As discussed earlier, microbiota transplantation also aims to restore an imbalanced microbiota using a holistic strategy. Fecal transplant therapies or artificial microbial preparations containing a diverse microbial ecosystem are used in this approach. Clinical trials are currently evaluating issues such as whether frozen and thawed or encapsulated preparations are as effective as the fresh, unprocessed material, since many bacteria, particularly anaerobes, would not survive the treatment and storage phase, perhaps reducing product efficacy compared with the starting material. The aim is to make this therapy easier to distribute, as set donations can be processed, tested for pathogens, prepared ahead of time, and made more palatable by encapsulation of the transplant. A recent 2014 study indicates that frozen capsules are indeed a viable form of administration.[49] Rebiotix have focused on developing an off the shelf product for transplant that is consistent and easy to administer. Their product, RBX2660, is a microbial suspension, which has completed enrollment in phase II, and Rebiotix is in discussions with the FDA on design of the phase III trial.[80] Monarch Labs in collaboration with BioTherapeutics, Education and Research Foundation is also seeking to develop a fecal transplant therapy, Medical Microbiota, which is a prescreened, cGMP processed product for transplantation. They are also developing a cGMP processing and banking service for autologous transplantation.[81]
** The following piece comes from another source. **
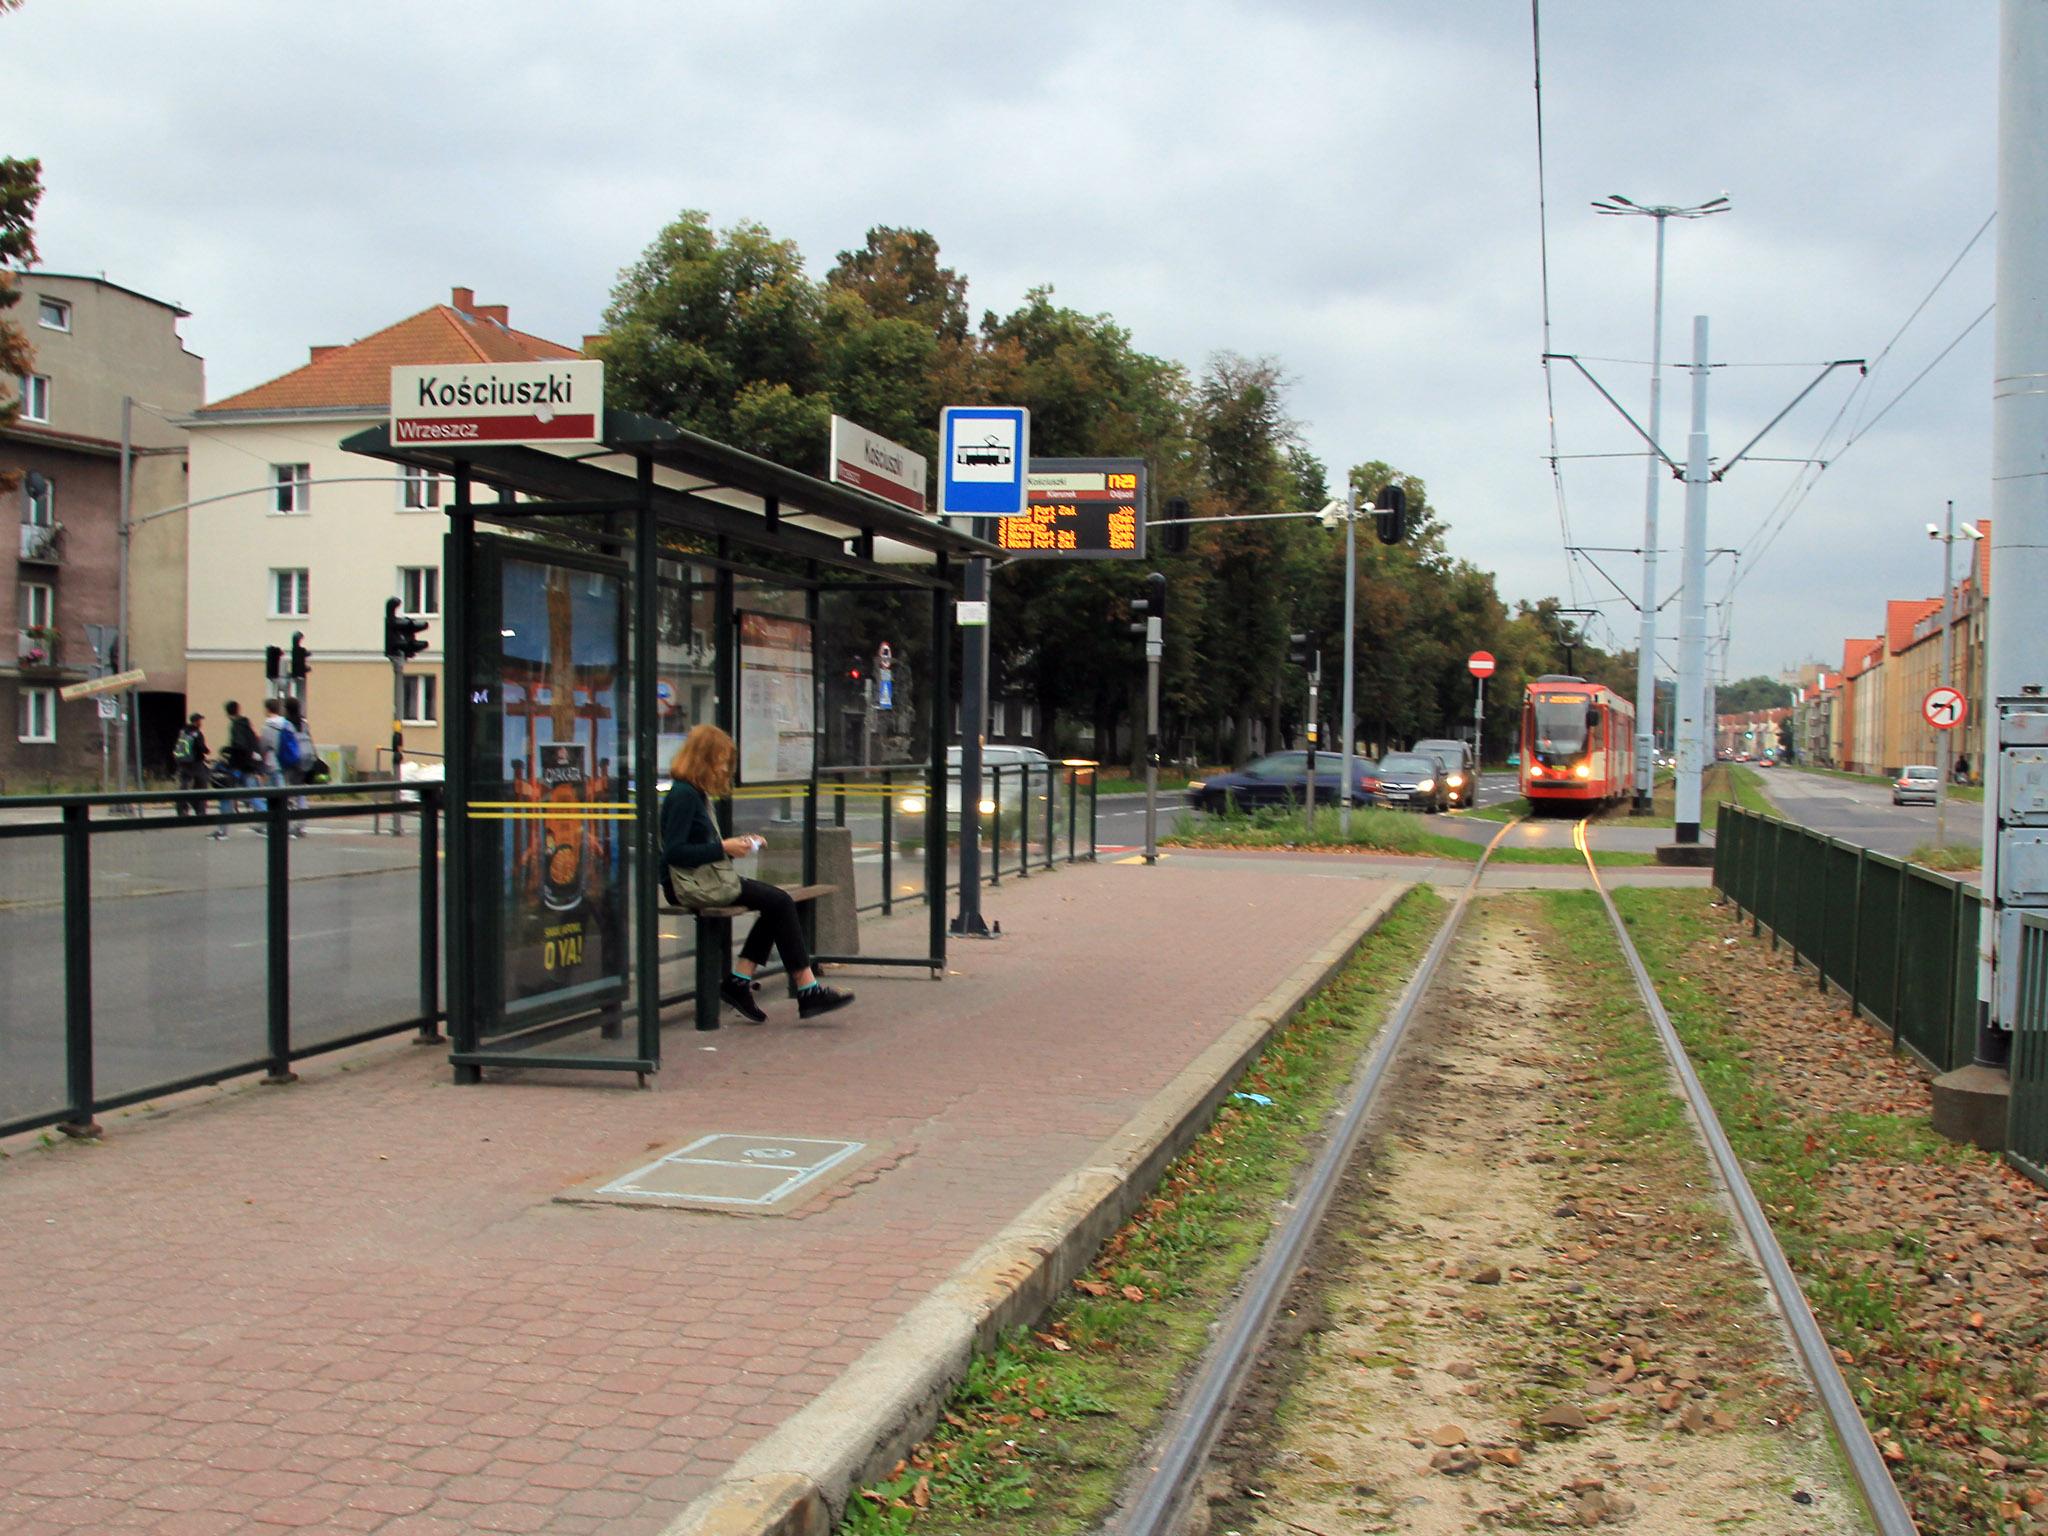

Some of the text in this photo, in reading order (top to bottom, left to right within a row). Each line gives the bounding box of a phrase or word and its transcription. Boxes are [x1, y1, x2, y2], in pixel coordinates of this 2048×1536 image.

An important factor that may influence the efficacy of microbiota-restoration strategies is the treatment of patients with broad-acting antibiotics such as vancomycin to control CDI, although antibiotics are generally halted shortly prior to administration of microbiota therapy.[52] Antibiotic therapy reduces the load of vegetative C. difficile cells in the host prior to infusion of the microbial suspension, which may contribute to the subsequent success of microbiota restoration strategies. However, the necessity of this antibiotic therapy prior to the application of microbial restoration therapies is not known.[52] It is clear that the need for antibiotics for the treatment of CDI will continue and that their adjunct use in microbial restoration therapies may be highly beneficial. For this reason, there is a continued market for investment into the development of new antimicrobials against CDI, which will be the focus of the remainder of this review.

Early Drug Discovery Research and Preclinical Development Pipeline

We have undertaken a chemoinformatic approach to understand the historical and recently explored chemical space for compounds with antimicrobial activity against C. difficile at the preclinical stages of drug research and discovery. Compounds with reported antimicrobial activity against C. difficile were abstracted from the ChEMBL[82] database. The data were then separated into either known, marketed antibiotics or compounds at the early discovery research phase and preclinical stages of development. The compounds in the early preclinical drug discovery phase were clustered using Pipeline Pilot into antimicrobial classes (Figure 3, methods in Supporting Information). Analysis of the data from ChEMBL showed that the results only contained compounds published in four scientific journals over selected years: Antimicrobial Agents and Chemotherapy (2007–2010), Bioorganic Medicinal Chemistry (one article from 2008), Bioorganic Medicinal Chemistry Letters (1998–2012), and Journal of Medicinal Chemistry (1984–2009). Therefore, the search was widened to include all bioactivities against C. difficile catalogued in the Reaxys Medicinal Chemistry Public Beta as well as manual searches of the literature.

Figure 3

Compounds in early and preclinical drug discovery phase with antimicrobial activity against C. difficile in the scientific literature from the analysis of compounds with antimicrobial activity against C. difficile curated by ChEMBL. Antibiotics on the market and agents in clinical trials were excluded from analysis.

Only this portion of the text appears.